> **Dataset records**
= = =

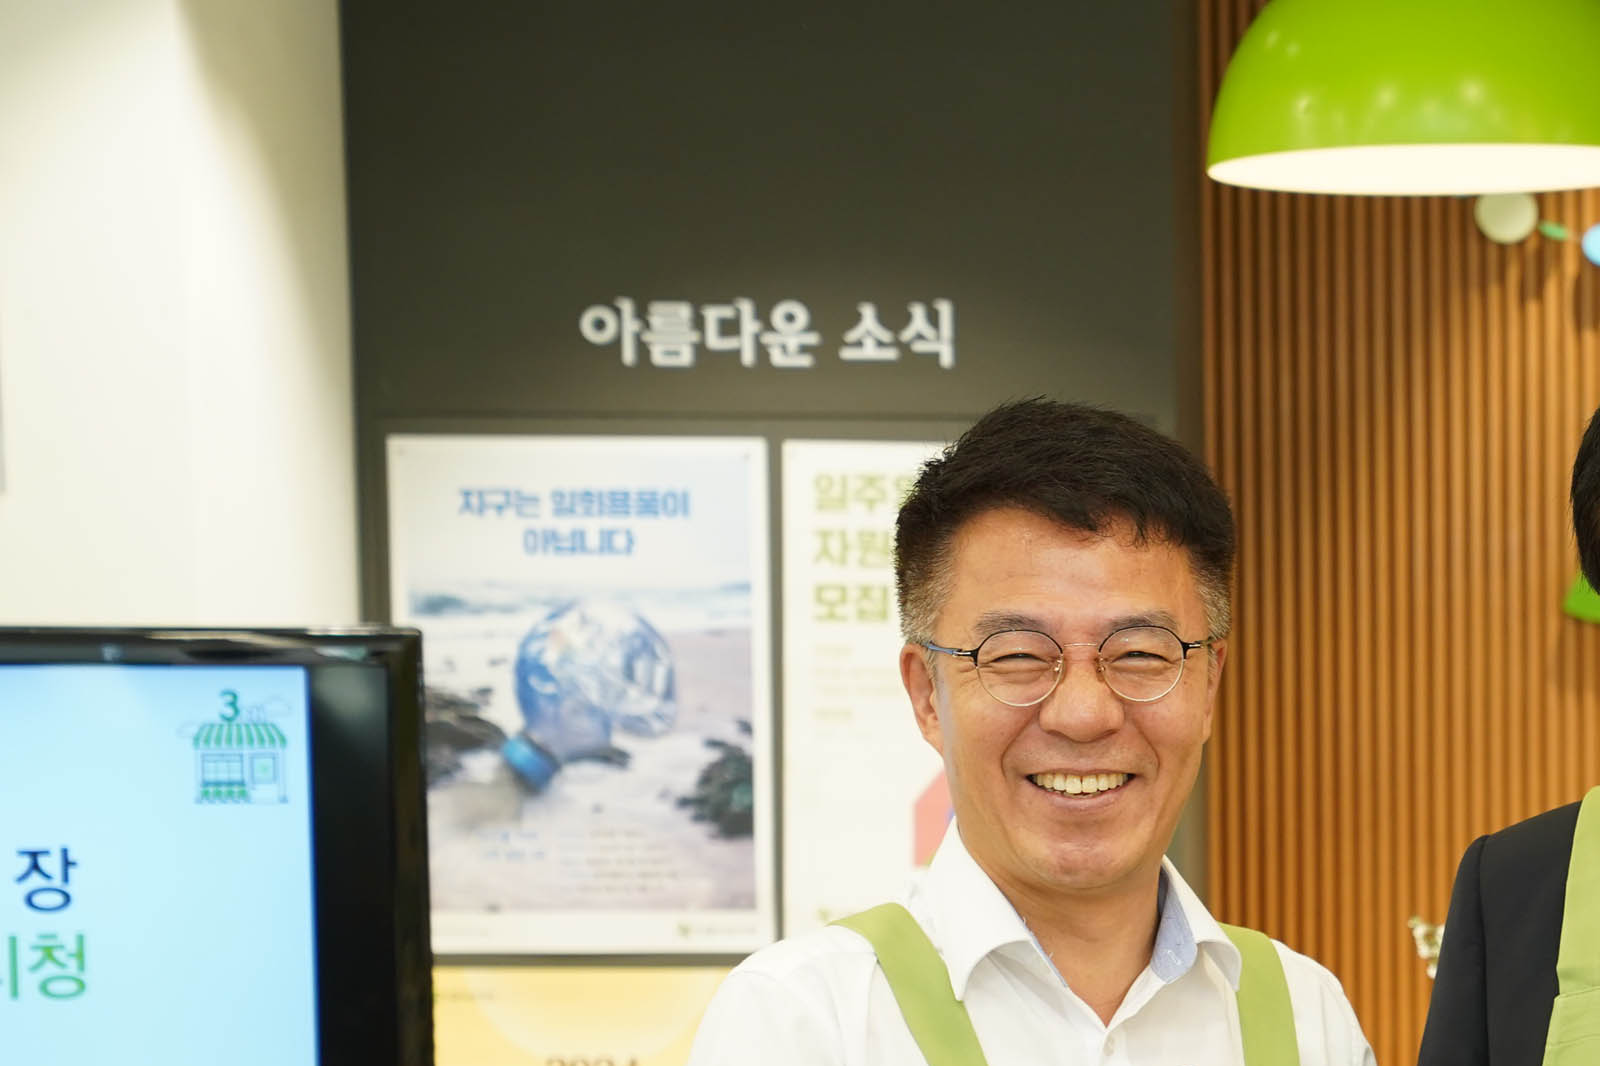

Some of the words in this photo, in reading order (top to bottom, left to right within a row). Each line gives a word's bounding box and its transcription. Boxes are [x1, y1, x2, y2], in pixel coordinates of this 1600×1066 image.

[579, 297, 821, 368] 아름다운
[838, 298, 956, 369] 소식
[458, 488, 540, 519] 지구는
[551, 488, 690, 519] 일회용품이
[523, 527, 635, 557] 아닙니다
[813, 584, 889, 623] 모집
[219, 690, 241, 722] 3
[16, 846, 77, 911] 장

= = =

> **What to produce**
Retype the data above verbatim, minus images.

> **Exercise response**
Some of the words in this photo, in reading order (top to bottom, left to right within a row). Each line gives a word's bounding box and its transcription. Boxes are [x1, y1, x2, y2], in pixel coordinates of this 1600×1066 image.

[579, 297, 821, 368] 아름다운
[838, 298, 956, 369] 소식
[458, 488, 540, 519] 지구는
[551, 488, 690, 519] 일회용품이
[523, 527, 635, 557] 아닙니다
[813, 584, 889, 623] 모집
[219, 690, 241, 722] 3
[16, 846, 77, 911] 장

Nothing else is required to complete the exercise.